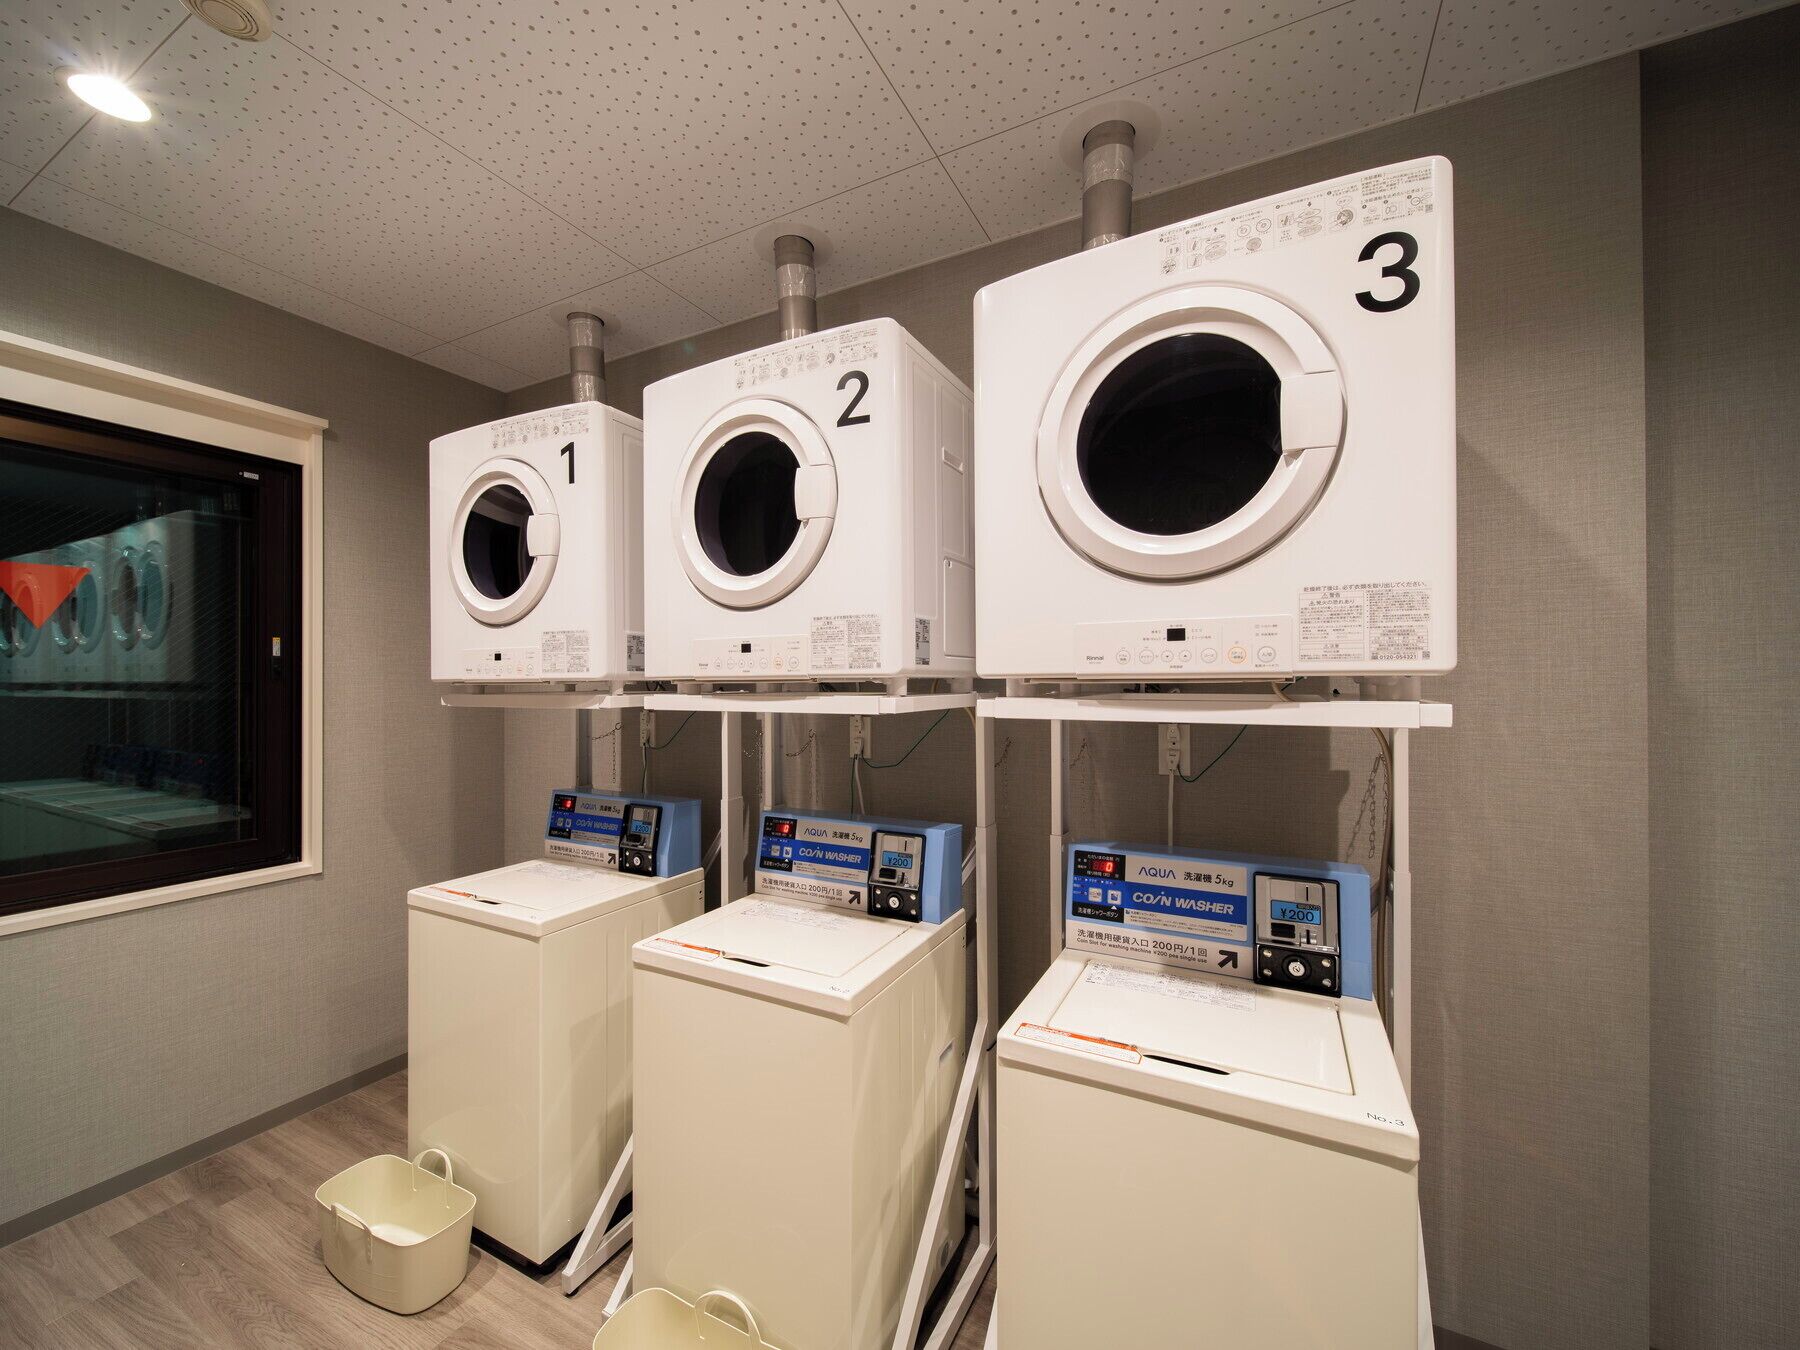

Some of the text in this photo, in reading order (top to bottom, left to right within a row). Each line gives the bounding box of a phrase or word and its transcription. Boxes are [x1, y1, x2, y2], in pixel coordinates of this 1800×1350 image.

[1355, 231, 1420, 313] 3
[836, 370, 871, 428] 2
[560, 441, 575, 484] 1
[803, 828, 864, 843] AQUA 洗濯機 5kg
[825, 851, 862, 864] WASHER
[887, 856, 909, 867] ¥200
[1105, 862, 1113, 873] 0
[1138, 866, 1234, 888] AQUA 洗濯機 5kg
[808, 884, 843, 897] 200円/1回
[1175, 897, 1234, 915] WASHER
[1280, 908, 1315, 922] ¥200
[1077, 928, 1208, 957] 洗濯機用硬貨入口 200円/1回
[1108, 943, 1129, 952] washing
[1130, 946, 1152, 954] machine
[1179, 954, 1197, 962] single
[1366, 1112, 1405, 1127] No.3
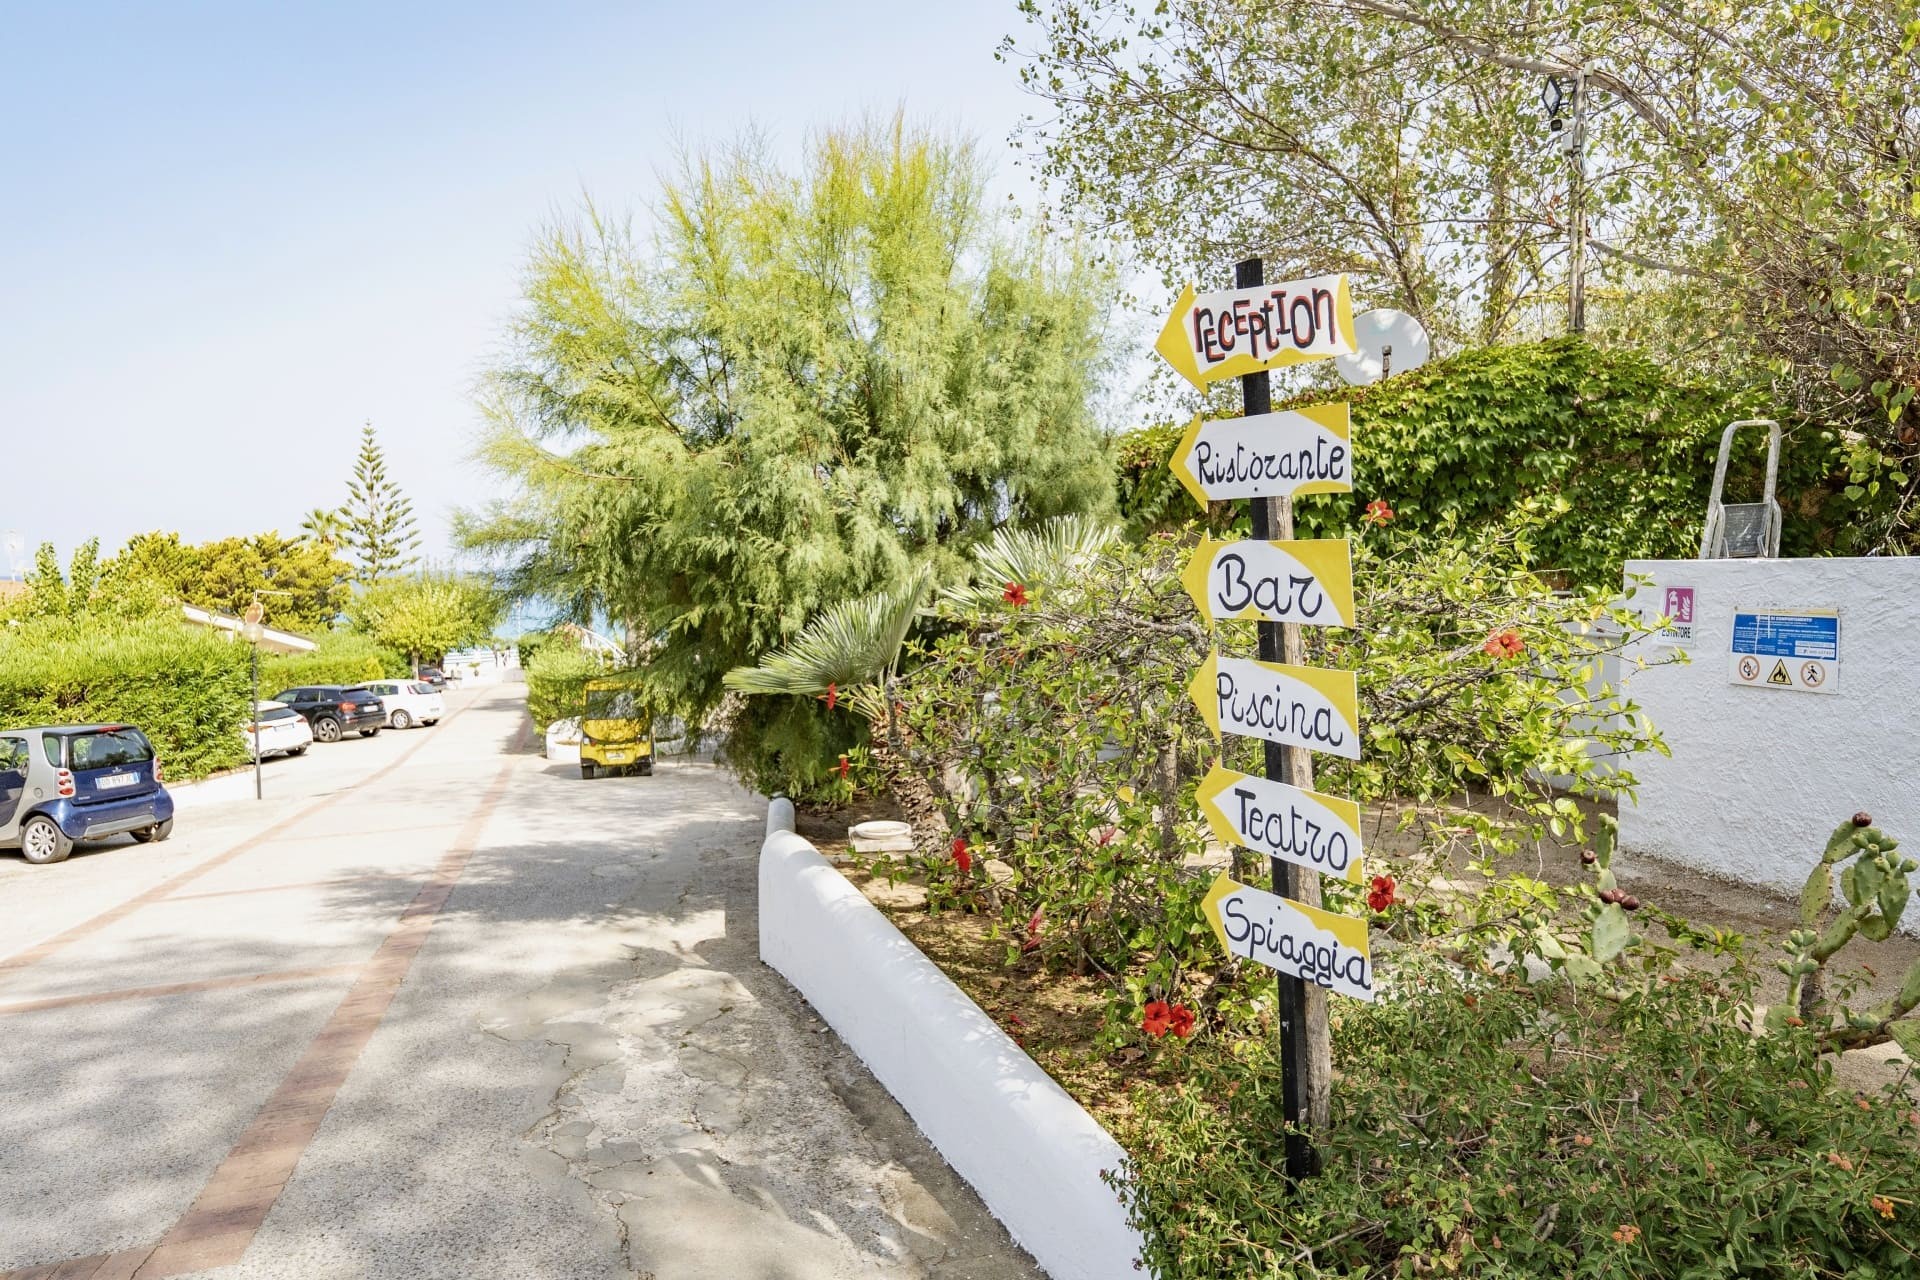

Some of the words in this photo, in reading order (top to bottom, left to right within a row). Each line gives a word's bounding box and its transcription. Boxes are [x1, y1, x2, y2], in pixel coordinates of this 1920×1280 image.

[1195, 435, 1345, 486] Ristorante
[1217, 553, 1323, 619] Bar
[1217, 672, 1343, 748] Piscina
[1235, 788, 1348, 872] Teatro
[1224, 897, 1371, 989] Spiaggia

________________

# Problem to solve
Every line of the data above should be quoted exactly. Omit the pictures.

# Written solution
Some of the text in this photo, in reading order (top to bottom, left to right within a row). Each line gives the bounding box of a phrase or word and its transcription. Boxes are [x1, y1, x2, y2], in pixel coordinates of this 1800×1350 image.

[1355, 231, 1420, 313] 3
[836, 370, 871, 428] 2
[560, 441, 575, 484] 1
[803, 828, 864, 843] AQUA 洗濯機 5kg
[825, 851, 862, 864] WASHER
[887, 856, 909, 867] ¥200
[1105, 862, 1113, 873] 0
[1138, 866, 1234, 888] AQUA 洗濯機 5kg
[808, 884, 843, 897] 200円/1回
[1175, 897, 1234, 915] WASHER
[1280, 908, 1315, 922] ¥200
[1077, 928, 1208, 957] 洗濯機用硬貨入口 200円/1回
[1108, 943, 1129, 952] washing
[1130, 946, 1152, 954] machine
[1179, 954, 1197, 962] single
[1366, 1112, 1405, 1127] No.3

Some of the words in this photo, in reading order (top to bottom, left to right within a row). Each line gives a word's bounding box and its transcription. Boxes are [x1, y1, x2, y2], in pixel coordinates of this 1920×1280 image.

[1195, 435, 1345, 486] Ristorante
[1217, 553, 1323, 619] Bar
[1217, 672, 1343, 748] Piscina
[1235, 788, 1348, 872] Teatro
[1224, 897, 1371, 989] Spiaggia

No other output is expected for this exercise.